Clémentine Rappaport : Dans les premiers temps, tout le monde est mobilisé. C’est frappant. La tante propose d’accueillir ses neveux, la mairie promet de trouver un grand appartement pour loger tout le monde. Les familles maternelles et paternelles se sentent coupables de la situation : la famille maternelle pour ne pas avoir vu ou su empêcher la violence, la famille paternelle parce qu’elle est celle du meurtrier. Au début, tout le monde veut s’occuper des enfants pour réparer sa culpabilité. Il faut attendre au moins six mois pour voir qui tient. Une fois que l’orage est passé, que chacun s’est ému, les gens se protègent. Les enfants font l’objet de projections lourdes des adultes. C’est comme s’ils étaient frappés de « malédiction ». Il leur est arrivé quelque chose de terrible et personne n’a plus envie de les voir, de penser à eux et aux événements qui les ont frappés.
Heureusement, certaines équipes de l’ASE restent investies, de même que des juges et des avocats. Le service de pédopsychiatrie de l’hôpital aussi, qui reste un point fixe dans la vie de ces enfants pendant de longues années. Au niveau administratif, tout est très lent. Si, par chance, une tante est désignée tiers digne de confiance par un juge des enfants au bout de 3 semaines, elle va mettre des mois à toucher l’allocation qui doit lui permettre d’élever les enfants. On va lui dire qu’elle n’a pas assez de revenus pour avoir un appartement qui lui permettrait de les accueillir dans de bonnes conditions. Ce sont les méandres habituels de l’administration, mais il arrive souvent que ces questions ne soient toujours pas réglées au bout de plusieurs années. On rajoute de la difficulté à la famille qui se mobilise pour accueillir les enfants. Il faut de toute urgence avancer sur ce sujet.

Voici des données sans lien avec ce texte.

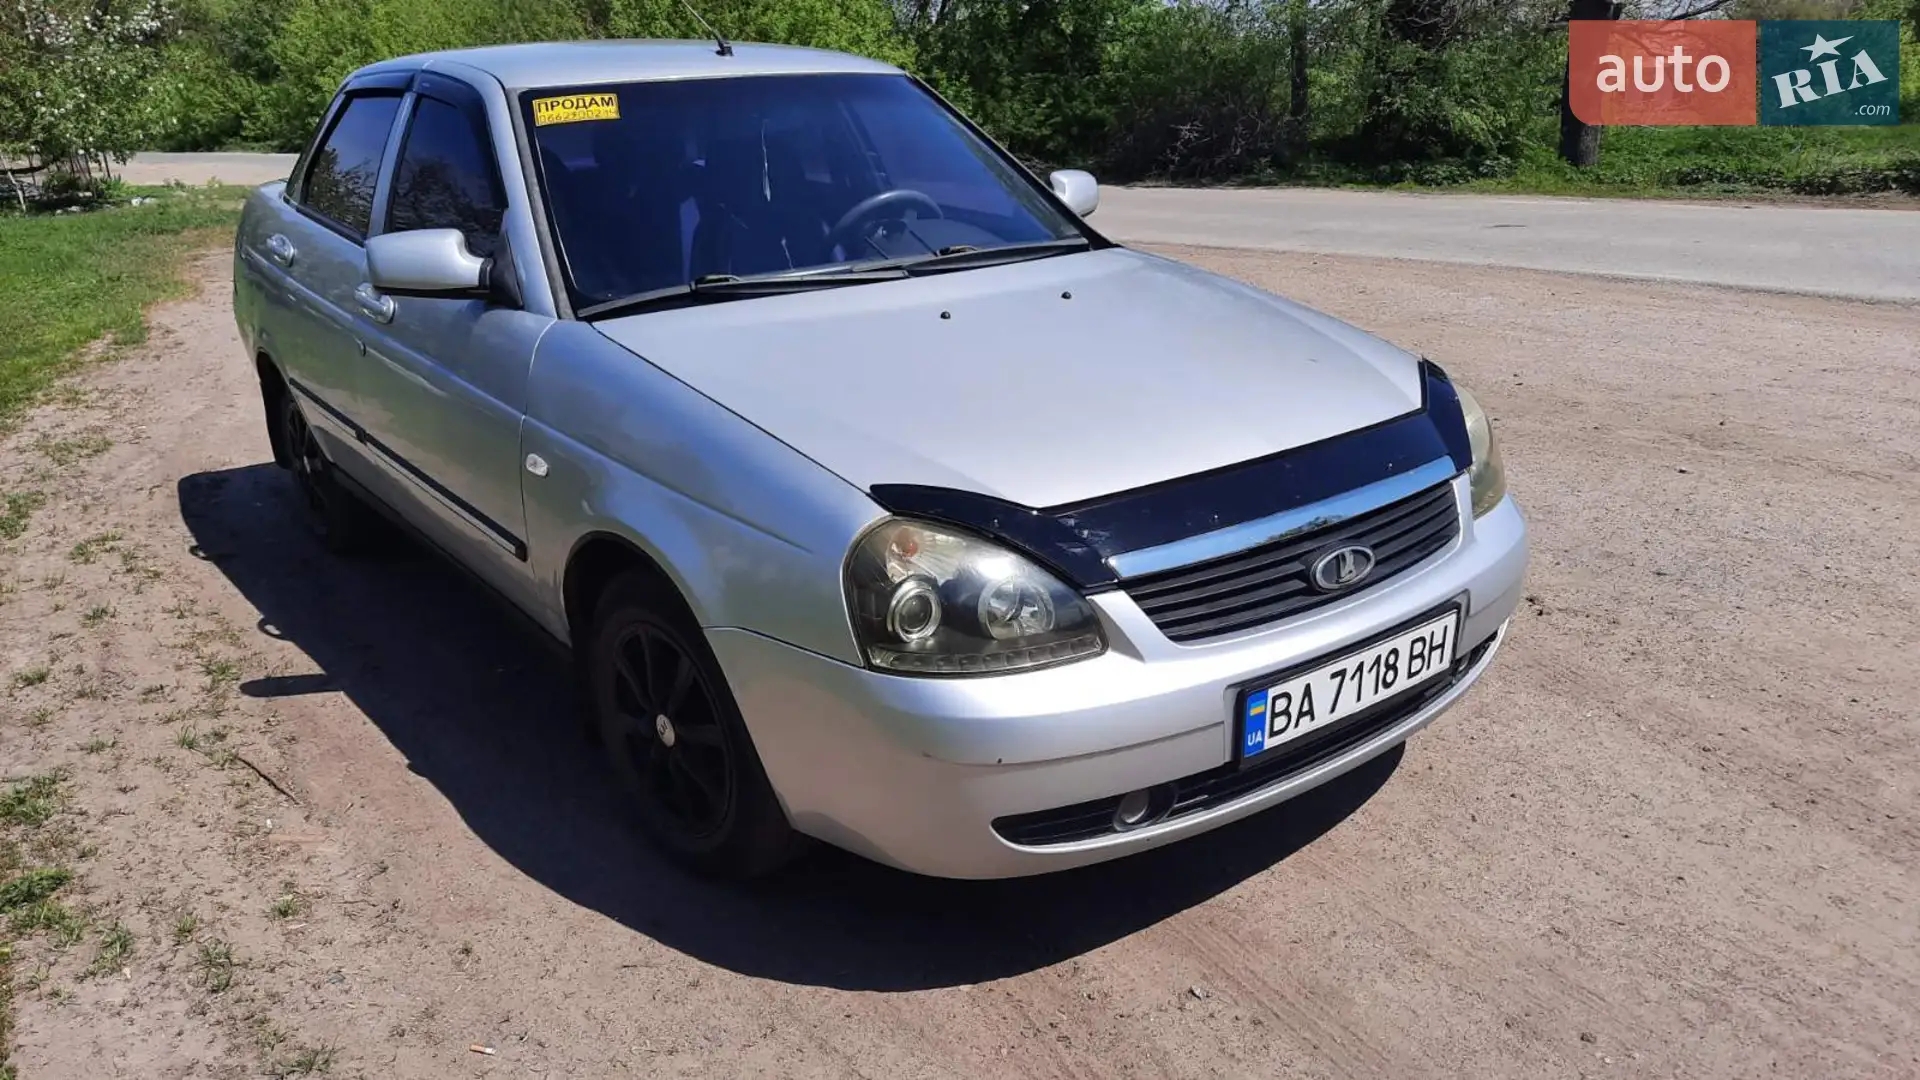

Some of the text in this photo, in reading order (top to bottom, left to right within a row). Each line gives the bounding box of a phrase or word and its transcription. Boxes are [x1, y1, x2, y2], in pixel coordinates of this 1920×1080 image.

AJ : Quel rôle doivent jouer les avocats ?
Clémentine Rappaport : La place des avocats est très importante et elle est encore à améliorer. Ils doivent intervenir sur plusieurs sujets. Sur la question de l’autorité parentale, déjà, qui ne doit pas être tranchée systématiquement dans un sens ou dans l’autre. Il faut aussi obtenir pour ces enfants des indemnisations conséquentes lors du procès, afin qu’ils puissent plus tard entreprendre des études supérieures s’ils le souhaitent. Pour cela, il faut des avocats formés et impliqués. Or, souvent, ces familles manquent de ressources pour les payer.
AJ : Quels sont les résultats du protocole Féminicide ?

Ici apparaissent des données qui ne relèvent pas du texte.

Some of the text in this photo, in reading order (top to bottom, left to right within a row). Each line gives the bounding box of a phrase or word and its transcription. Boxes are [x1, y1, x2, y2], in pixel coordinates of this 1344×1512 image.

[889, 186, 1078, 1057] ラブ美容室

Clémentine Rappaport : Entre féminicide et tentative de féminicide, nous avons pris en charge une soixantaine d’enfants. Certains avaient déjà été très impactés par des violences antérieures. Dans d’autres familles, le meurtre était un acte isolé, sans violences physiques antérieures. Dans les cas où il y a eu des violences antérieures, certains enfants peuvent avoir des symptômes graves et même présenter un syndrome qui ressemble à de l’autisme. Quand les violences s’arrêtent et qu’ils sont pris en charge, il y a une reprise développementale. L’impact des violences conjugales est fort, d’autant plus que l’enfant est petit : les cris entre parents suffisent à impacter le développement d’un bébé. Nous commençons à avoir des fins de thérapie. Les enfants que nous avons pris en charge de manière intensive dans le cadre du protocole vont quasiment tous bien. J’entends par là qu’ils ont une vie ordinaire, apprennent bien à l’école, ont des interactions sociales harmonieuses. Nous attendons de voir la suite. Aujourd’hui, les plus anciens d’entre eux entrent dans l’adolescence. Nous verrons comment ils la traversent, comment ils vivent la sortie de prison du père. Avec les remises de peine, cela peut venir assez vite. C’est une situation que nous n’avons pas encore vécue mais à laquelle nous serons bientôt confrontés. La question de savoir s’ils retourneront vivre chez leur père va également se poser. Certains en ont très peur. Les suites des féminicides durent des années et il faut que tout le monde reste mobilisé dans la durée.